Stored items

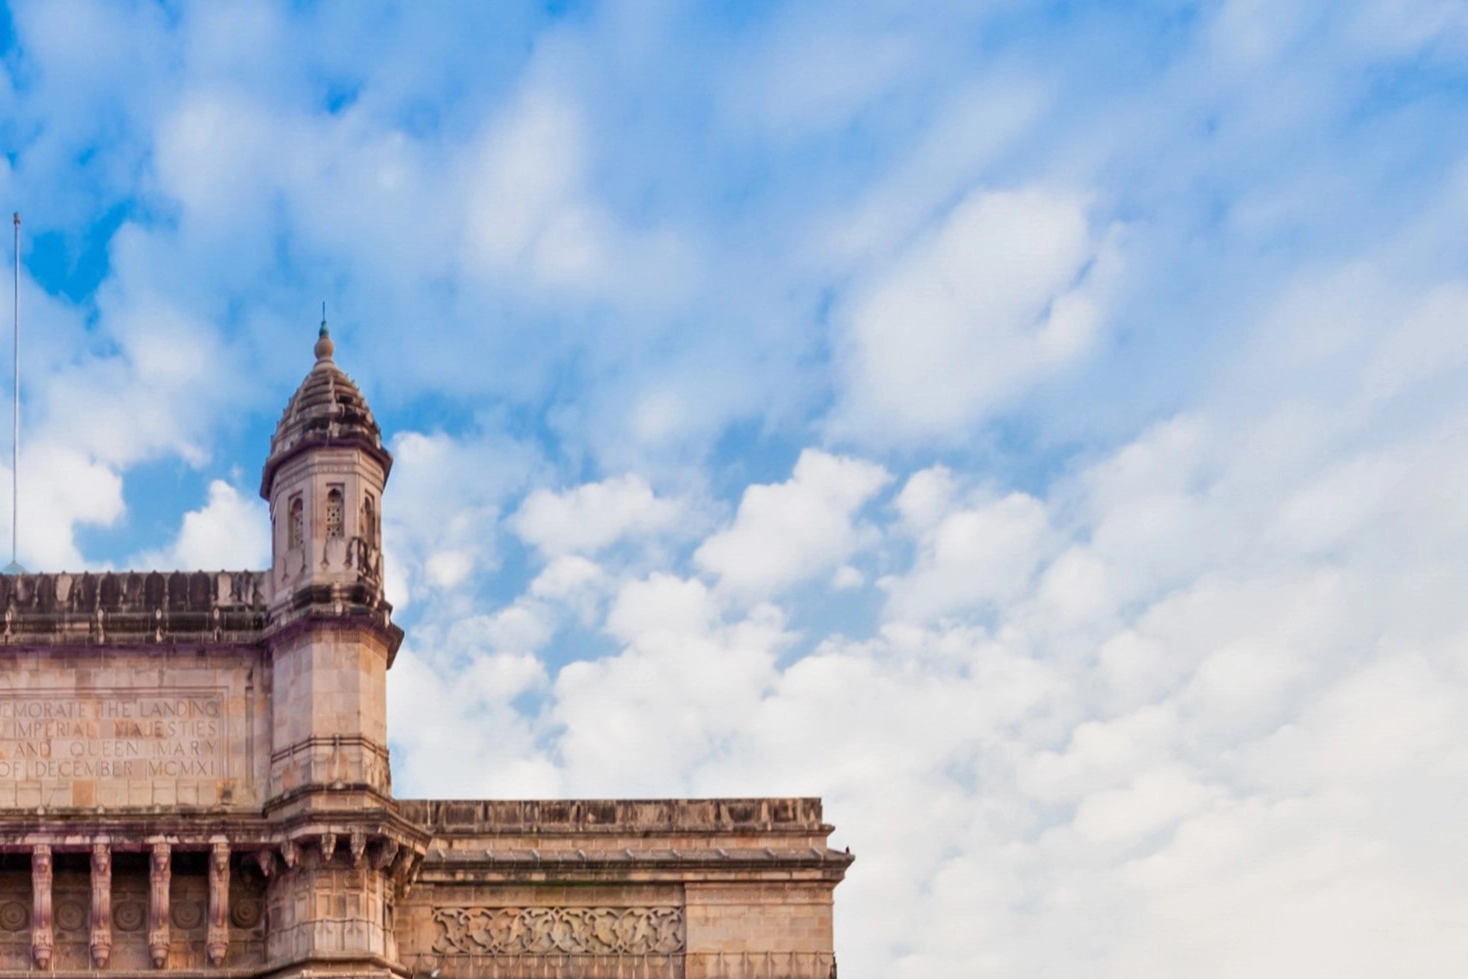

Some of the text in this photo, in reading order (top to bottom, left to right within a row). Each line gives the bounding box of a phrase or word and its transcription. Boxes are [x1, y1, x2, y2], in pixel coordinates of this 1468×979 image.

[100, 702, 131, 718] THE
[140, 701, 220, 718] LANDING
[13, 721, 94, 738] IMPERIAL
[115, 721, 217, 738] MAJESTIES
[15, 741, 51, 758] AND
[70, 740, 139, 757] QUEEN
[158, 740, 217, 757] MARY
[36, 761, 132, 777] DECEMBER
[148, 760, 214, 777] MCMXI
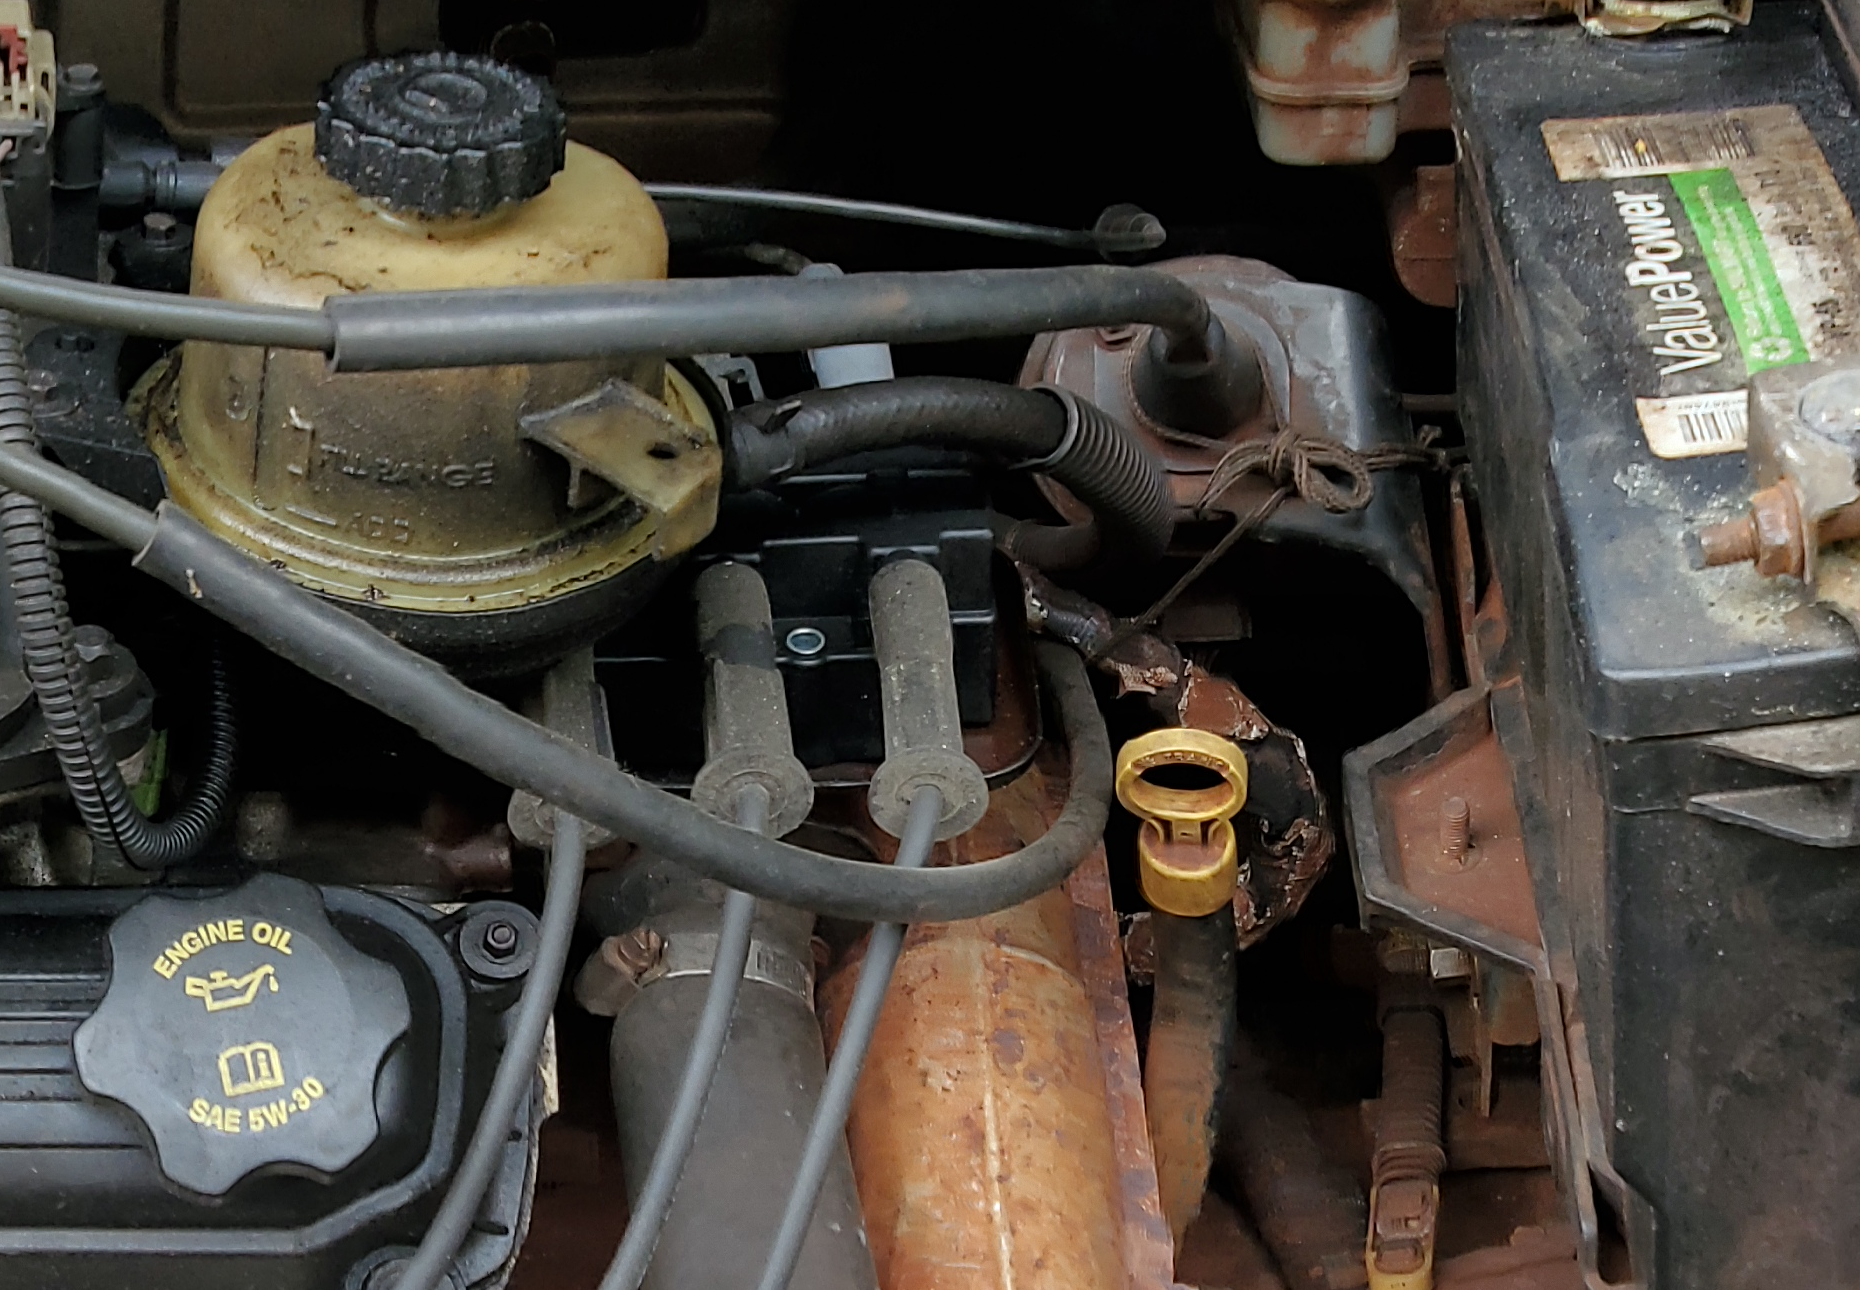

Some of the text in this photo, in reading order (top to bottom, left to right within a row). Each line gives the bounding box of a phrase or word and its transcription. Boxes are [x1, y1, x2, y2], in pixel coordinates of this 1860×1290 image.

[1613, 189, 1723, 376] ValuePower
[152, 918, 293, 980] ENGINE OIL
[188, 1075, 325, 1134] SAE 5W-30
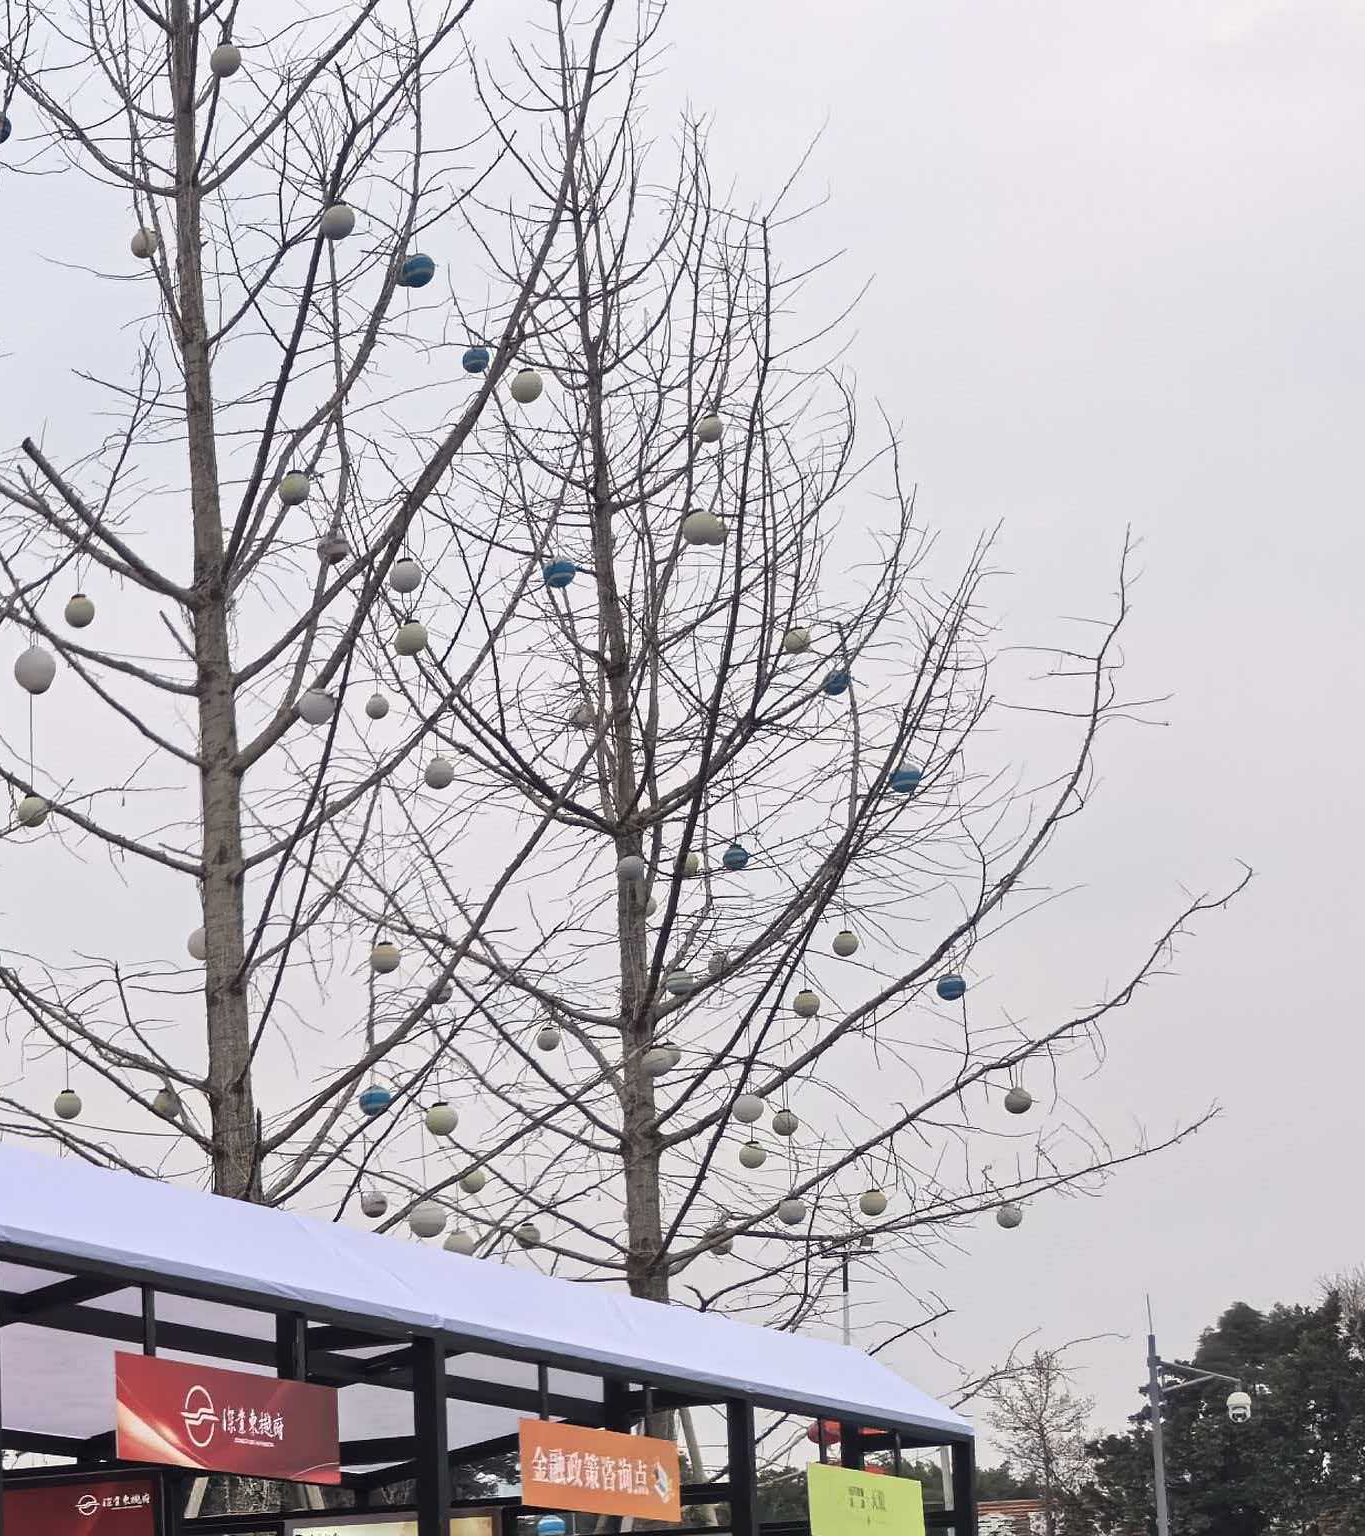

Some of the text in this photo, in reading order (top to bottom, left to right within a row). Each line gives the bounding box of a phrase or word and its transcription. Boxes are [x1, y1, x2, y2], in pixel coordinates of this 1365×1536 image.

[531, 1444, 649, 1497] 金融政策咨询点

**Goal of the exercise**
Copy out all of the data word for word. Do not carry over any picture.

**Task answer**
Some of the text in this photo, in reading order (top to bottom, left to right within a row). Each line gives the bounding box of a phrase or word and its transcription. Boxes are [x1, y1, x2, y2], in pixel coordinates of this 1468×979 image.

[100, 702, 131, 718] THE
[140, 701, 220, 718] LANDING
[13, 721, 94, 738] IMPERIAL
[115, 721, 217, 738] MAJESTIES
[15, 741, 51, 758] AND
[70, 740, 139, 757] QUEEN
[158, 740, 217, 757] MARY
[36, 761, 132, 777] DECEMBER
[148, 760, 214, 777] MCMXI

Some of the text in this photo, in reading order (top to bottom, left to right within a row). Each line gives the bounding box of a phrase or word and its transcription. Boxes are [x1, y1, x2, y2], in pixel coordinates of this 1860×1290 image.

[1613, 189, 1723, 376] ValuePower
[152, 918, 293, 980] ENGINE OIL
[188, 1075, 325, 1134] SAE 5W-30

Some of the text in this photo, in reading order (top to bottom, left to right within a row). Each line gives the bounding box of a phrase or word and its transcription. Boxes are [x1, y1, x2, y2], in pixel coordinates of this 1365×1536 image.

[531, 1444, 649, 1497] 金融政策咨询点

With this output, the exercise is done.